The task
Below is a listing; repeat exactly the lines from the one containing "this 1296×972 image." to the one containing "Some of the words", both included.

Material for this task

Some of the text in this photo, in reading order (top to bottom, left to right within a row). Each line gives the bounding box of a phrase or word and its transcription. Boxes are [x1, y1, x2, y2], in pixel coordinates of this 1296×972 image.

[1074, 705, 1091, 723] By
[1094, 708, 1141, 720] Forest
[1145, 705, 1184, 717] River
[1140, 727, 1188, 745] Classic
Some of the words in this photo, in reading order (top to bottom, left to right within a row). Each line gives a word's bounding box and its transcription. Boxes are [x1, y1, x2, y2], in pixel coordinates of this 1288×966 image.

==

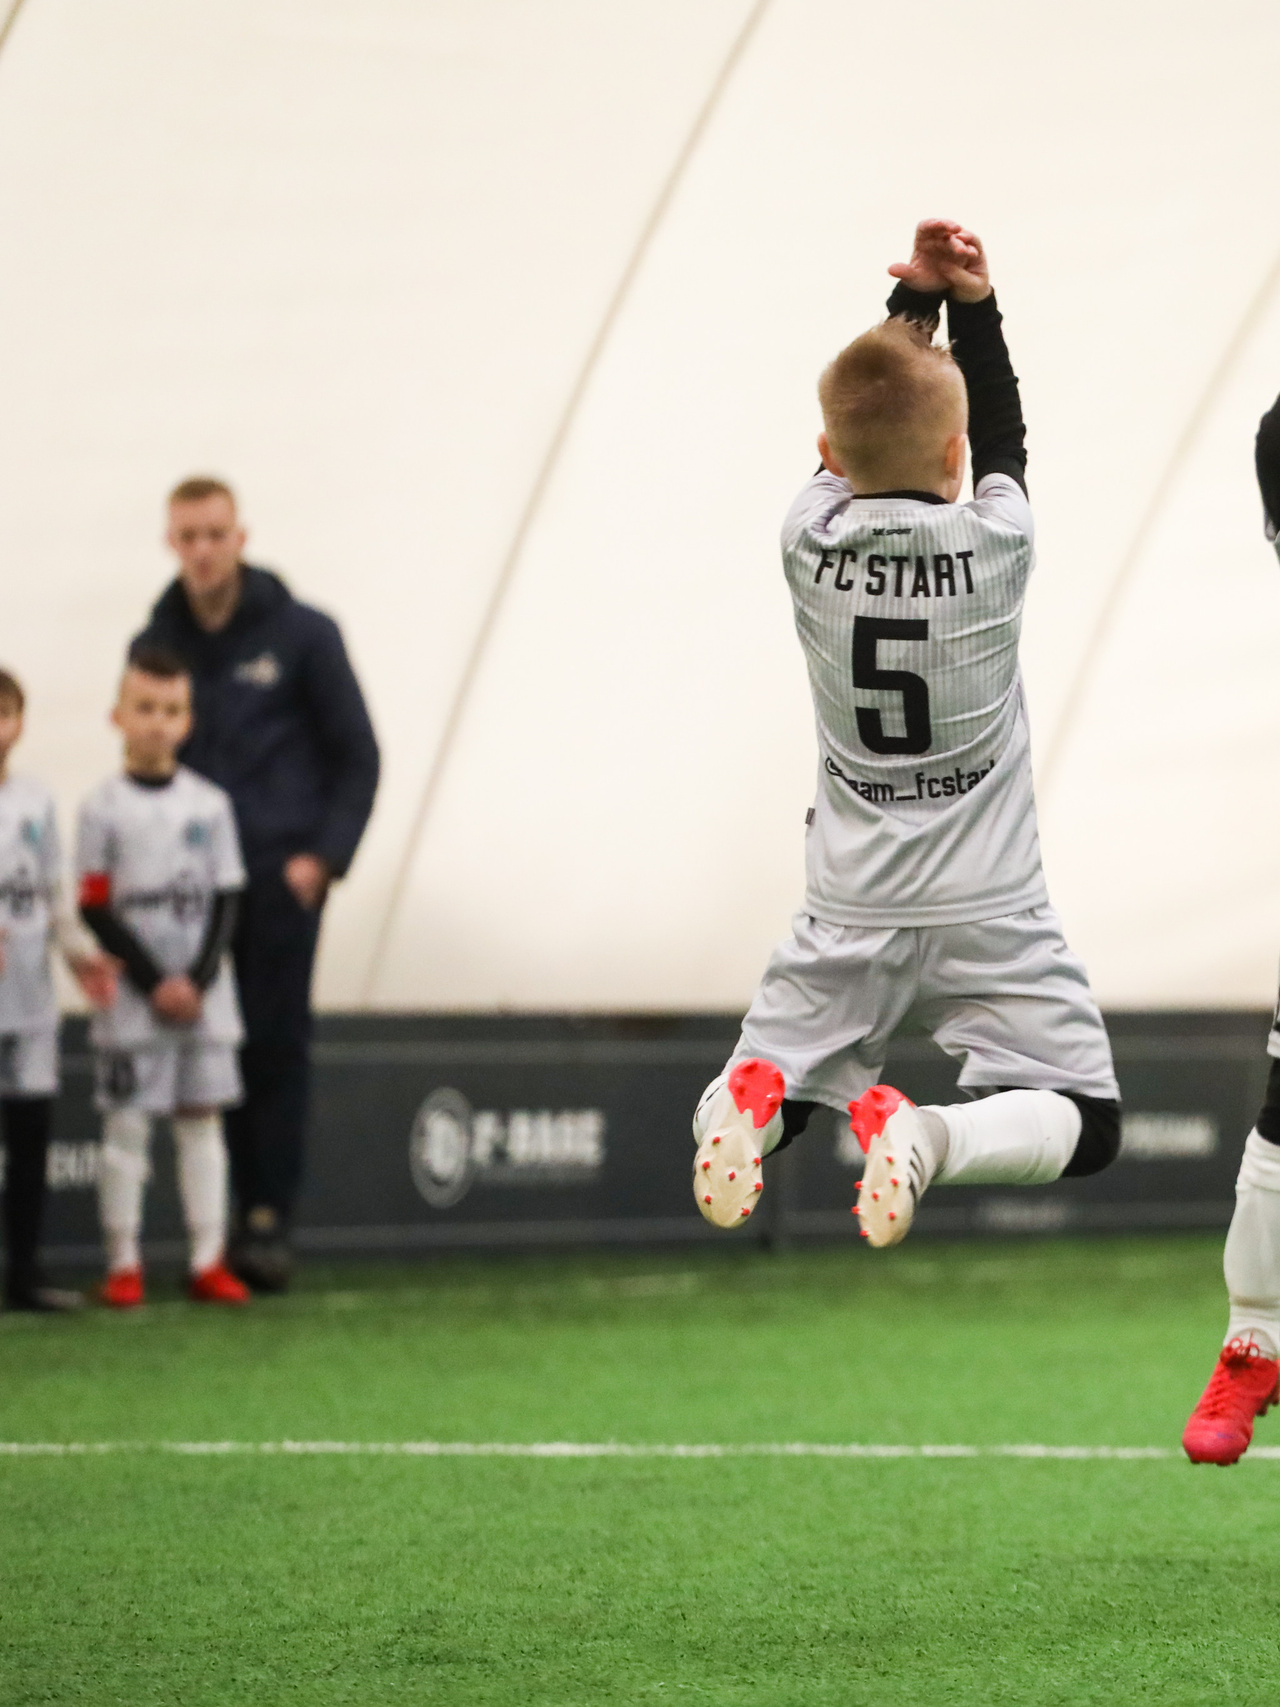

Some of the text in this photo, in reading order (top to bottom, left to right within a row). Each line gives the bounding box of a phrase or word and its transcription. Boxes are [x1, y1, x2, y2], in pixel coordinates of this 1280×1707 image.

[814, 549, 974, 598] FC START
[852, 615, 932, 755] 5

Solution below
Some of the text in this photo, in reading order (top to bottom, left to right within a row). Each line gives the bounding box of a phrase or word and its transcription. Boxes are [x1, y1, x2, y2], in pixel coordinates of this 1296×972 image.

[1074, 705, 1091, 723] By
[1094, 708, 1141, 720] Forest
[1145, 705, 1184, 717] River
[1140, 727, 1188, 745] Classic
Some of the words in this photo, in reading order (top to bottom, left to right within a row). Each line gives a word's bounding box and its transcription. Boxes are [x1, y1, x2, y2], in pixel coordinates of this 1288×966 image.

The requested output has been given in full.